Patenting challenges of AI-based inventions in the life sciences industry
Owing to the lack of clarity in patent law for AI-driven innovations, companies may face difficulties in patenting their inventions. For instance, patent applications that use AI may face patent eligibility challenges as a result of unpatentable subject matter. From an Indian patent perspective, it may fall within the preclusion of Section 3(k) of the Indian Patents Act 1970. Further, AI-based inventions also raise considerable issues for inventorship. Most countries have laws that stipulate that inventors must be human. In those countries, AI cannot be an inventor. In the United States, the Federal Circuit recently heard arguments regarding whether the term ‘inventor’ in the Patent Act is broad enough to include AI. A recent ruling in Germany held that AI cannot be an inventor, but states that the owners of AI can name themselves as the inventors on the patent application (DABUS case). In this respect, India takes a similar approach to the corresponding Indian application of the AI-generated invention (DABUS) (patent application number 202017019068) in a similar objection pertaining to the inventorship raised by the Indian Patent Office.
However, the novel and inventive products or processes implementing AI would not face these above-mentioned challenges as such tools and approaches will be considered patent eligible subject matter in various jurisdictions.
In view of the comprehensive discussion in this article, we consider AI as a boosting agent for the life sciences industry.
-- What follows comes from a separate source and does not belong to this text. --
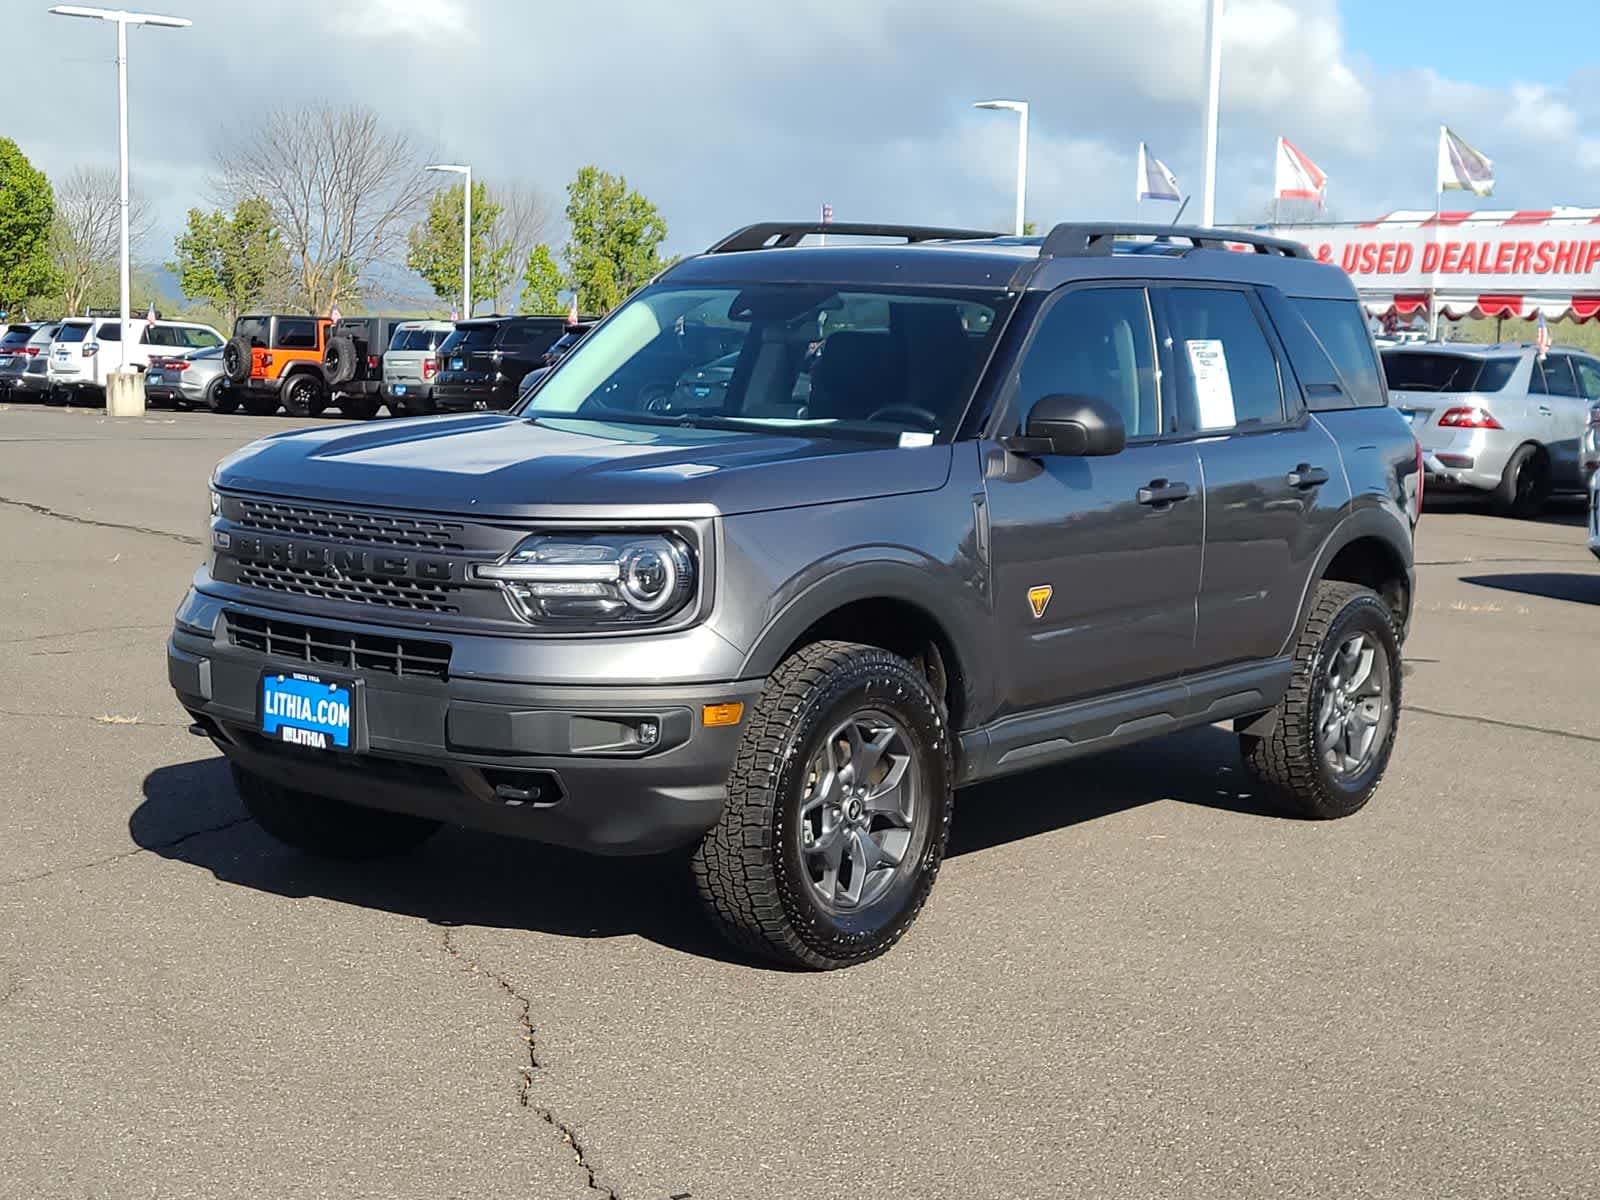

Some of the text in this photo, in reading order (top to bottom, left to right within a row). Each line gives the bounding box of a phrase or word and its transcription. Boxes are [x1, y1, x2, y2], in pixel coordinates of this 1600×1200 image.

[1317, 240, 1600, 274] & USED DEALERSHIP
[238, 537, 454, 582] BRONCO
[265, 690, 350, 728] LITHIA.COM
Not only will AI improve the functioning of these industries but it will also help them to protect themselves from any pitfalls faced in future. With respect to patent filings, different sectors have witnessed different trends. For instance, in 2022, the medical sector observed a decrease in number of patent filings in the initial quarter of 2022; there were 425 application by the month end of June 2022 vesus 458 patent application at the same time in 2021 (data source is GlobalData). However, the patents granted for AI-based inventions followed a different pattern and grew from 91 over the three months ending June 2021 to 118 in the same period in 2022 (data source is GlobalData). Hence, generalisation in terms of predicting trends in patent filing is a challenging task in this area of discussion.